A análise de Maria do Carmo Campello de Souza segue a partir desse marco teórico para alcançar a decisiva questão do policy-making, posta em relevo pela análise das relações entre clientelismo, sistema partidário e estrutura do Estado. Aventa como exemplo a hipótese de Nathaniel Leff, para quem uma das funções do clientelismo – não como intenção subjetiva dos atores, mas como um elemento concreto em funcionamento – seria a de proteger o Executivo das pressões sociais, assegurando-lhe autonomia no processo decisório. Segundo essa concepção, os grupos de interesse e os partidos teriam sua influência circunscrita aos parâmetros da política traçada pelo Executivo, limitando-se a ajustes e correções a posteriori nas decisões. Passível de validação empírica, a tese fortaleceria a noção geral de Campello de Souza: os partidos atuavam em um campo de ação necessariamente limitado, sem participação efetiva na formulação de decisões e obrigados a operar de maneira dispersa e mesmo deslegitimadora de seu papel como instituições políticas. A estrutura centralizada de decisões “confirma-se e se revigora em seu próprio funcionamento. O clientelismo, que a compatibiliza com o caráter formalmente democrático do sistema político, representa, assim, em sentido estrutural, a força e a fraqueza dos partidos” (ibidem; 37).

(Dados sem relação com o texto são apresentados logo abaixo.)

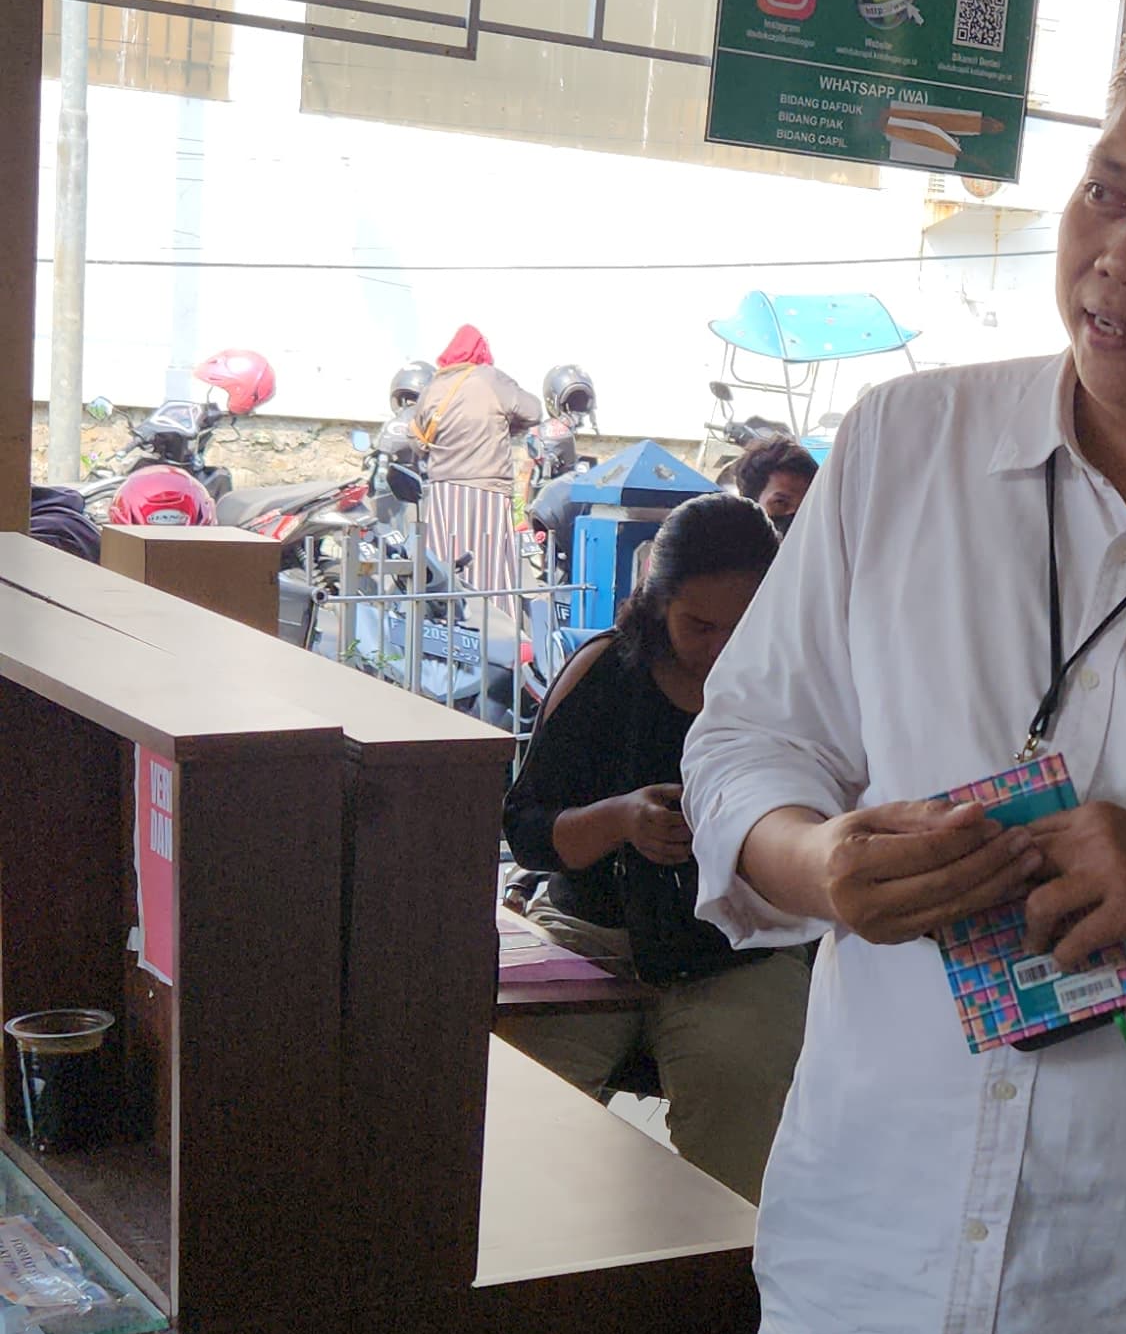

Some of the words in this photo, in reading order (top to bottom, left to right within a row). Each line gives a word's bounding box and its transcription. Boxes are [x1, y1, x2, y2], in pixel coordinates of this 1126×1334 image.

A essa altura, o texto se volta para o exame pormenorizado de aspectos teóricos e metodológicos elencados pela autora, dentro da proposta de analisar o clientelismo como um dado concreto do sistema partidário, e não como um subproduto de certa corrupção ou degradação deste. Contudo, a perspectiva inovadora de seu trabalho, publicado em primeira edição ainda em meados da década de 1970, estava estabelecida
desde o início, ao confrontar o mainstream das explicações esquemáticas e chamar atenção para o “sujeito oculto” da fragilidade aparente do sistema político brasileiro: a existência de um elemento determinado – o clientelismo – que não era subproduto, e sim agente determinante do funcionamento desse sistema. Escusado é dizer que os parâmetros de institucionalização cuja ausência, anteriormente, era intuída como leitmotif da precária condição de atuação partidária (e que, em plena vigência do regime autoritário, somente se mostrava mais aguda) iriam doravante se materializar. A obra, por assim dizer, “envelheceu” rapidamente a partir de metade dos anos 1980, permanecendo decerto como uma contribuição circunscrita ao período que enfoca de maneira explícita. Todavia, seu mérito maior continuou, por haver proposto deslocar para o campo especificamente das relações políticas as possibilidades de explicação do fenômeno do clientelismo. Acima de tudo, deixou de lado a tentação de fazer a realidade caber na teoria, como seria necessário para tornar o clientelismo redutível a uma teleologia político-histórica.